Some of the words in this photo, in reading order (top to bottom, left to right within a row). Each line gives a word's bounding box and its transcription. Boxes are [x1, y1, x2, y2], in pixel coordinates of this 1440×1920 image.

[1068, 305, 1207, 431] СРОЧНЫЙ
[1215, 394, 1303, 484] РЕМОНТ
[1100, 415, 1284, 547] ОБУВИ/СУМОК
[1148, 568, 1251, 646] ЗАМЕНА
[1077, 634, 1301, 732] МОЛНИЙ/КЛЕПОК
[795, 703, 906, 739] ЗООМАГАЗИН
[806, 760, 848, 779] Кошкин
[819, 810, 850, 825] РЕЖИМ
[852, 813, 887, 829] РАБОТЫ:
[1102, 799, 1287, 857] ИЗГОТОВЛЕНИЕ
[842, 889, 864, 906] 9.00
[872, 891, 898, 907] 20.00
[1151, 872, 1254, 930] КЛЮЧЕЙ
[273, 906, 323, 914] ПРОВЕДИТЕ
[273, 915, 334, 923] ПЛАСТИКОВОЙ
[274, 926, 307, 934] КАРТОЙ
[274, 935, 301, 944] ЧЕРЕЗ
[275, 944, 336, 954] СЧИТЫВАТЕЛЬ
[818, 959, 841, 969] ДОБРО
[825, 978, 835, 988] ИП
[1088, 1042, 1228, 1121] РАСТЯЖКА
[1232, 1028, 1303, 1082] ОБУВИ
....................
**TASK TO CARRY OUT**
Nothing but the full listing, copied exactly, belongs in the answer.

**SOLUTION TO THE EXERCISE**
Some of the words in this photo, in reading order (top to bottom, left to right within a row). Each line gives a word's bounding box and its transcription. Boxes are [x1, y1, x2, y2], in pixel coordinates of this 1440×1920 image.

[1068, 305, 1207, 431] СРОЧНЫЙ
[1215, 394, 1303, 484] РЕМОНТ
[1100, 415, 1284, 547] ОБУВИ/СУМОК
[1148, 568, 1251, 646] ЗАМЕНА
[1077, 634, 1301, 732] МОЛНИЙ/КЛЕПОК
[795, 703, 906, 739] ЗООМАГАЗИН
[806, 760, 848, 779] Кошкин
[819, 810, 850, 825] РЕЖИМ
[852, 813, 887, 829] РАБОТЫ:
[1102, 799, 1287, 857] ИЗГОТОВЛЕНИЕ
[842, 889, 864, 906] 9.00
[872, 891, 898, 907] 20.00
[1151, 872, 1254, 930] КЛЮЧЕЙ
[273, 906, 323, 914] ПРОВЕДИТЕ
[273, 915, 334, 923] ПЛАСТИКОВОЙ
[274, 926, 307, 934] КАРТОЙ
[274, 935, 301, 944] ЧЕРЕЗ
[275, 944, 336, 954] СЧИТЫВАТЕЛЬ
[818, 959, 841, 969] ДОБРО
[825, 978, 835, 988] ИП
[1088, 1042, 1228, 1121] РАСТЯЖКА
[1232, 1028, 1303, 1082] ОБУВИ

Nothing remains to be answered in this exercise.